A good case can be made that Project Bioshield is the most important piece of legislation passed in the last twenty years. Passed under President Bush in 2004, Project Bioshield’s primary goal was to create advance market commitments to purchase countermeasures for chemical, biological, radiological or nuclear agents (CBRN). Several billion dollars have been spent in this area promoting anthrax and smallpox vaccines and various antitoxins for botulism and nuclear threats. The record on these advance market commitments is mixed with some notable failures.
The second thing the act did is to reduce some paperwork requirements on purchases and research funding. Those seem fine although the simplified procedure is itself too complex and the amounts such simplified procedures apply to are too small, e.g.
The Project Bioshield Act authorizes the HHS Secretary to use an expedited award process for grants, contracts, and cooperative agreements related to CBRN countermeasure R&D Activity, if the Secretary deems a pressing need for an expedited award exists. The authority is limited to awards of $1.5 million or less.
The third aspect of the act was not considered a big deal at the time but is the one that has proved to be the most important. Project Bioshield created the Emergency Use Authorization (EUA). In other words, prior to 2004 the FDA had no clear legislative authority to authorize an unapproved vaccine, drug or device. Without Project Bioshield and the EUA procedure the FDA might have eventually found some way to authorize vaccines before full approval. Britain, for example, used a temporary authorization procedure. Or the FDA might have sped up full approval but given the FDA’s lethargic record it’s easy to imagine that this would have taken months longer than the EUA process. As a result, the EUA procedure created by Project Bioshield probably saved 100,000 or more lives.

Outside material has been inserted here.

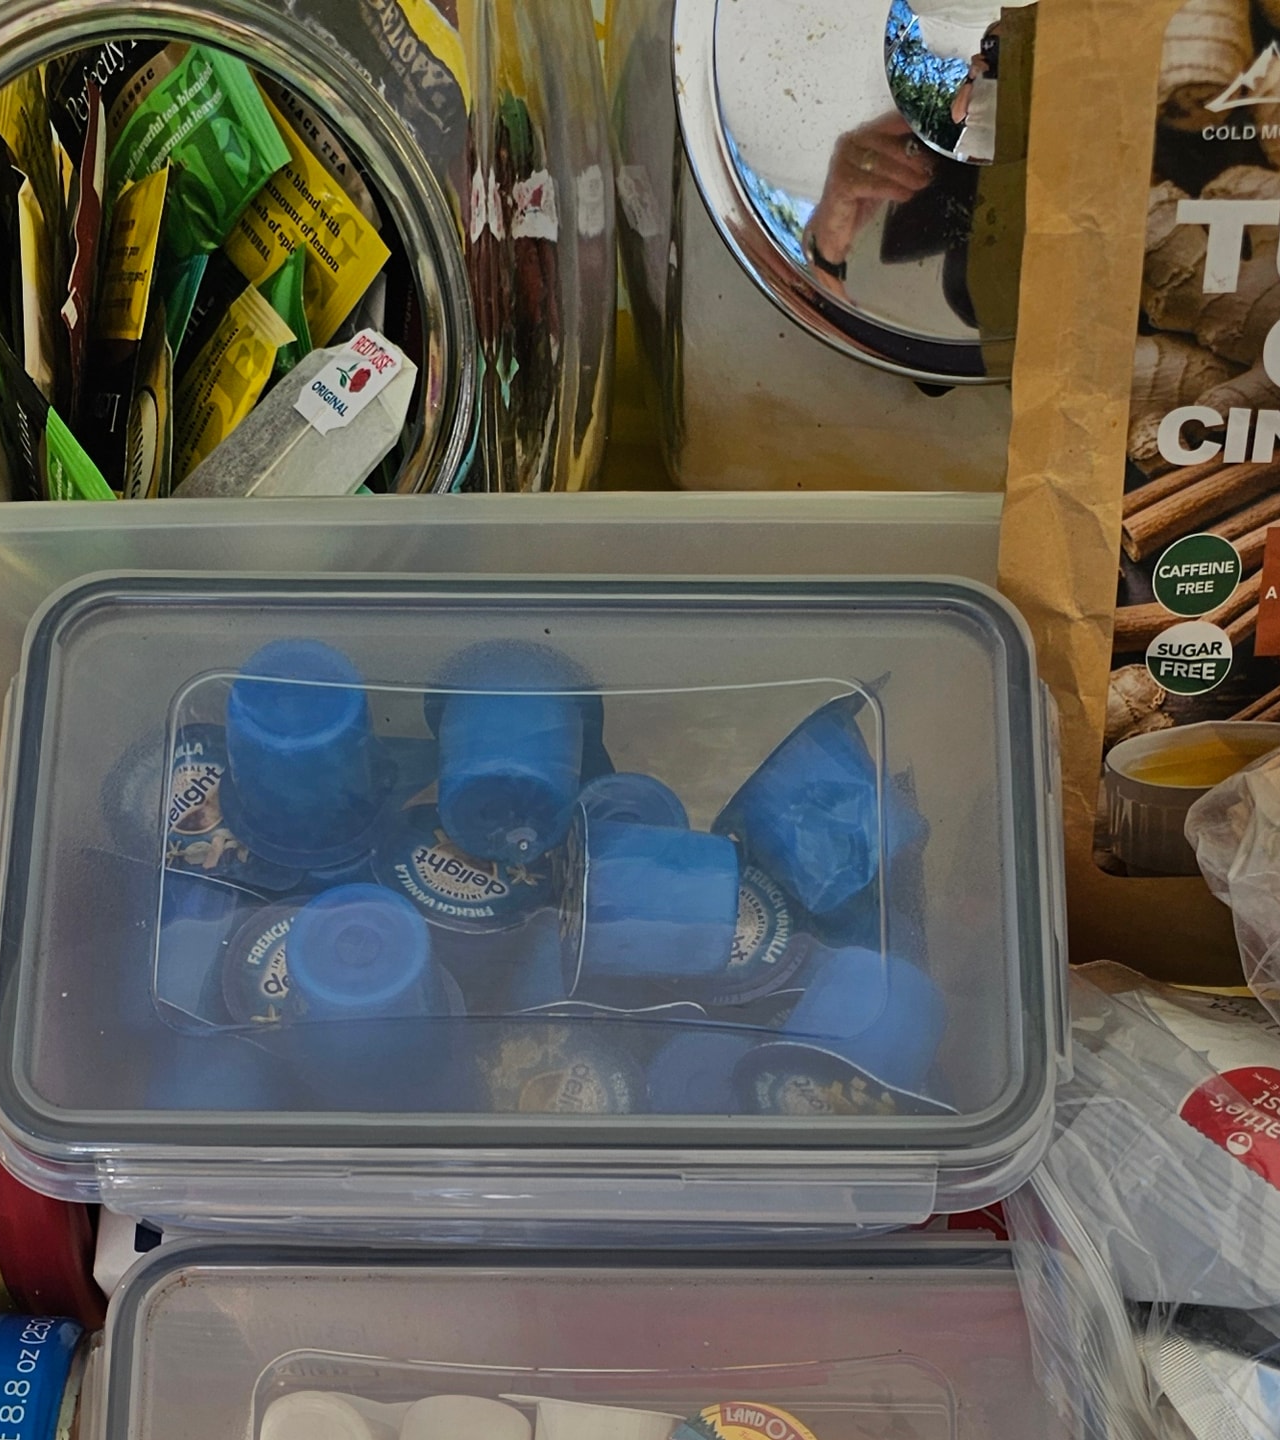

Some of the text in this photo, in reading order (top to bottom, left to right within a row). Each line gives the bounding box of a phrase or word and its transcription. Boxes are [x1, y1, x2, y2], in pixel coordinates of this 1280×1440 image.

Important Addendum: It’s also worth mentioning that the EUA procedure doesn’t just apply to approvals it also allows changes in dosage and labeling. Susan Sherman, the senior attorney with the HHS Office of the General Counsel, noted in 2009 that a drug that had been approved for individual health in a non-emergency might have to be used very differently for public health in an emergency and that the EUA process could be used to adjust to these differences:
“You can change the labeling. You can change the information. You can change the dosage. You can give it to populations for which wasn’t approved.” She continued, “In some sense we had to match up in practice a public health response where you might not have the precise labeling that your physician would prescribe to you. There are a lot of variables that are necessary for the public health responders that don’t necessarily match what the approved drug would look like if you just went to your physician and got it because you had that illness.
In other words, the EUA process was made to allow for procedures such as fractional dosing. It’s too late for fractional dosing in the United States (but we should use it for boosters) but fractional dosing remains a vital tool to deal with the global shortage of vaccines.